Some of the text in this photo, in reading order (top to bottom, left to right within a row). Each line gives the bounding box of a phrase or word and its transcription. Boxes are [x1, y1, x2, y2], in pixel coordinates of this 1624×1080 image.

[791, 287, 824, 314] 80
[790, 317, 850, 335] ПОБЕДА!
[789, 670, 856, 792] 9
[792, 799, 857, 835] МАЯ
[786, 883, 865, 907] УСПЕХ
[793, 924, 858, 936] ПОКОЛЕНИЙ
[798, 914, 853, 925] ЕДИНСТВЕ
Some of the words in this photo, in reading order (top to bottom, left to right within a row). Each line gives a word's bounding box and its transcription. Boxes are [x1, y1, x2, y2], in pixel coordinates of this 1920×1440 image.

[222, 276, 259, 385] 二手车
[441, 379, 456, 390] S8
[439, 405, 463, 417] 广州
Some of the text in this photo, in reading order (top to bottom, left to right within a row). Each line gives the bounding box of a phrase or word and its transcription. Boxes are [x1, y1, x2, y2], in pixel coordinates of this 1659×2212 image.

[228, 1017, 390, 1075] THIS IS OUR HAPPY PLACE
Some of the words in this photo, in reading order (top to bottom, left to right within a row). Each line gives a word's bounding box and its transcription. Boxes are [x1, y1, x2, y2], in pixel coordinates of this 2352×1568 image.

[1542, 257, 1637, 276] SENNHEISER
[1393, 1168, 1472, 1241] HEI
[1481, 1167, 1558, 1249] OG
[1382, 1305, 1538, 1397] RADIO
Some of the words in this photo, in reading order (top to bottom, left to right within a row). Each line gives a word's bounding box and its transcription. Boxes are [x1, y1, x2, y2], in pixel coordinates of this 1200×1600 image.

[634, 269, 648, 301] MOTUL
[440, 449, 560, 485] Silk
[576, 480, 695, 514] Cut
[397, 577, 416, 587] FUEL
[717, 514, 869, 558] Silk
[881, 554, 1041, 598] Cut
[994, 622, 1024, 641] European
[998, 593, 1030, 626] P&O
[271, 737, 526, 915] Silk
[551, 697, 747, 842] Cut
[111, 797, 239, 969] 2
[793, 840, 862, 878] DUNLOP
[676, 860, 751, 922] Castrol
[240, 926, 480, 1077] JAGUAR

Exercise prompt:
Reproduce all of the entries verbatim.

Answer for this exercise:
Some of the text in this photo, in reading order (top to bottom, left to right within a row). Each line gives the bounding box of a phrase or word and its transcription. Boxes are [x1, y1, x2, y2], in pixel coordinates of this 1624×1080 image.

[791, 287, 824, 314] 80
[790, 317, 850, 335] ПОБЕДА!
[789, 670, 856, 792] 9
[792, 799, 857, 835] МАЯ
[786, 883, 865, 907] УСПЕХ
[793, 924, 858, 936] ПОКОЛЕНИЙ
[798, 914, 853, 925] ЕДИНСТВЕ
Some of the words in this photo, in reading order (top to bottom, left to right within a row). Each line gives a word's bounding box and its transcription. Boxes are [x1, y1, x2, y2], in pixel coordinates of this 1920×1440 image.

[222, 276, 259, 385] 二手车
[441, 379, 456, 390] S8
[439, 405, 463, 417] 广州
Some of the text in this photo, in reading order (top to bottom, left to right within a row). Each line gives the bounding box of a phrase or word and its transcription. Boxes are [x1, y1, x2, y2], in pixel coordinates of this 1659×2212 image.

[228, 1017, 390, 1075] THIS IS OUR HAPPY PLACE
Some of the words in this photo, in reading order (top to bottom, left to right within a row). Each line gives a word's bounding box and its transcription. Boxes are [x1, y1, x2, y2], in pixel coordinates of this 2352×1568 image.

[1542, 257, 1637, 276] SENNHEISER
[1393, 1168, 1472, 1241] HEI
[1481, 1167, 1558, 1249] OG
[1382, 1305, 1538, 1397] RADIO
Some of the words in this photo, in reading order (top to bottom, left to right within a row). Each line gives a word's bounding box and its transcription. Boxes are [x1, y1, x2, y2], in pixel coordinates of this 1200×1600 image.

[634, 269, 648, 301] MOTUL
[440, 449, 560, 485] Silk
[576, 480, 695, 514] Cut
[397, 577, 416, 587] FUEL
[717, 514, 869, 558] Silk
[881, 554, 1041, 598] Cut
[994, 622, 1024, 641] European
[998, 593, 1030, 626] P&O
[271, 737, 526, 915] Silk
[551, 697, 747, 842] Cut
[111, 797, 239, 969] 2
[793, 840, 862, 878] DUNLOP
[676, 860, 751, 922] Castrol
[240, 926, 480, 1077] JAGUAR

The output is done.